She was born Brooke Russell in Portsmouth, New Hampshire. She was the only child of a high level military officer. She lived in several countries and liked learning about different cultures.
VOICE TWO:
After two earlier marriages, she married Vincent Astor in nineteen fifty-three. He came from a family that had been rich for at least one hundred years. Among other things, he owned many buildings in New York City.
Brooke Astor became one of the richest women in the world when Vincent Astor died. She also became head of a huge charity organization founded by her husband. He reportedly had told her she would have fun giving away his money.
VOICE ONE:
And apparently she did. Missus Astor gave tens of millions of dollars mainly to places and people in New York City. She said it was the sensible choice because that was where the money had been made. She gave financial support to the city’s cultural centers, its poor and disabled as well as to many other smaller charities. She won a Presidential Medal of Freedom for her work.
Brooke Astor also wrote two books about her life. She suffered from Alzheimer’s disease in the last years of her life. When she died, the mayor of New York, Michael Bloomberg, said the city would not be what it is today without her support.
(MUSIC)
VOICE TWO:
Evel Knievel
America lost its most famous daredevil this year. Evel Knievel rode motorcycles through the air in increasingly dangerous and exciting tricks in the nineteen sixties and seventies. He became a folk hero.
Robert Craig Knievel was born in nineteen thirty-eight in Butte, Montana. As a boy, he was arrested for stealing car parts. He said the police gave him the nickname “Evil,” spelled E-V-I-L. He later legally changed his first name to "Evel," spelled E-V-E-L.
Evel Knievel began riding motorcycles in his teens. He said his first motorcycle was a Harley Davidson he had stolen. He was a good athlete and played professional ice hockey for a time. He also served in the United States Army where he became a paratrooper. He made more than thirty jumps from airplanes.
VOICE ONE:
Evel Knievel performed his first public motorcycle jump when he was twenty-seven.
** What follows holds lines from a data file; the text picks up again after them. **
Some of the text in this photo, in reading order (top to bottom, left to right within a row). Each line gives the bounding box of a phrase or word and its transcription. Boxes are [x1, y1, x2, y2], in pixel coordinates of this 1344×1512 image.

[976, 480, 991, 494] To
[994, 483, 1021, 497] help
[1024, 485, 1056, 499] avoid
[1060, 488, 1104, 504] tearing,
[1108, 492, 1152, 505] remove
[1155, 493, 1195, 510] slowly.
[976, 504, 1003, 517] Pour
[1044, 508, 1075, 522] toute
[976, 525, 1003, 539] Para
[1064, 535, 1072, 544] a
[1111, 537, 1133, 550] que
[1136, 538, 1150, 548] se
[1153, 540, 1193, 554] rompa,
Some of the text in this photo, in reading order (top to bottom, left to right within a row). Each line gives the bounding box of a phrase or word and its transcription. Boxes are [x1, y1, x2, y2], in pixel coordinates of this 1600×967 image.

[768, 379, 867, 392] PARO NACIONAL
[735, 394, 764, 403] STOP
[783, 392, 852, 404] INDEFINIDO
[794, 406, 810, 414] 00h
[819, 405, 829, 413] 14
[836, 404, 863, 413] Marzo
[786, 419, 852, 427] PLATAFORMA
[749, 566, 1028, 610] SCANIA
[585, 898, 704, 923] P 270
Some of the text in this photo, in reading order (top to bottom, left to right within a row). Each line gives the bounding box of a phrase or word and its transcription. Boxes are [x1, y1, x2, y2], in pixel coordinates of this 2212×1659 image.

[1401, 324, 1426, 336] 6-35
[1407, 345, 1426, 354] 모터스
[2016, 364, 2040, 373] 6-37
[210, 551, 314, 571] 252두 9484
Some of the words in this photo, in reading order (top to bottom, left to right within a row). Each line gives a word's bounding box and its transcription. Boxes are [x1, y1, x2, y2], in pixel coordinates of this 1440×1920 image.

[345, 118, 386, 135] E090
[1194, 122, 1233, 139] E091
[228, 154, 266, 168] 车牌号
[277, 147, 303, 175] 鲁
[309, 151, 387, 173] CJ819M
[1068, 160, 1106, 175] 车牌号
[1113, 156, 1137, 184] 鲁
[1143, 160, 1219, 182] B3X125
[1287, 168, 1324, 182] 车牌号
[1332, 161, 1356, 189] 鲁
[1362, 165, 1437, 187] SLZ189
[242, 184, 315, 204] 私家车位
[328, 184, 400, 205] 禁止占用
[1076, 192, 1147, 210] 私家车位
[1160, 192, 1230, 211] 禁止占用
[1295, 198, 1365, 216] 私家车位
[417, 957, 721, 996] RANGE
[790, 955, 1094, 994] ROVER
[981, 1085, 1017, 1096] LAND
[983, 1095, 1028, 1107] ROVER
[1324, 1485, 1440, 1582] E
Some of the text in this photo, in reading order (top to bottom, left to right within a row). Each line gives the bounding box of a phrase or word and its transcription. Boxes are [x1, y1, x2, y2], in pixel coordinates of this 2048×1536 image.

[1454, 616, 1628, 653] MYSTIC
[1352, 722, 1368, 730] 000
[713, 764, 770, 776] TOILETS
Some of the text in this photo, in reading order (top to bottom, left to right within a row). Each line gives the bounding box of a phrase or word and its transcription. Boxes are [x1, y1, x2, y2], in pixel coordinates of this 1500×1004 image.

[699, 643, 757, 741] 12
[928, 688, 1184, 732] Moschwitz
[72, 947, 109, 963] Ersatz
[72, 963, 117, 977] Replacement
He had just opened a motorcycle store and wanted the public to know about it. He lined up several cars along with a box of poisonous snakes and a mountain lion tied up at the end. He drove his motorcycle up a ramp and began the twelve-meter long jump. He landed in the rattlesnakes.
Later, he began performing such tricks all over the United States and Europe. Sometimes his jumps were successful; sometimes they were not. But his shows were always popular. Toy companies sold dolls that looked like him. His life story was told in two movies and a song about him became a hit.
VOICE TWO:
But Evel Knievel’s body suffered greatly. He said he had as many as fifteen major operations to repair broken bones. One crash was so bad he was in a coma and lost consciousness for a month. Knievel’s personal choices also damaged his health. He drank too much alcohol and used illegal drugs. In his later years, he also suffered from diabetes and an incurable lung disease. The former daredevil died November thirtieth in Clearwater, Florida, at the age of sixty-nine.
(MUSIC)
VOICE ONE:
Leona Helmsley
She was known as the "Queen of Mean" because she was not a very nice person. Leona Helmsley owned costly hotels and other property in New York City. She died August twentieth of heart failure. She was eighty-seven.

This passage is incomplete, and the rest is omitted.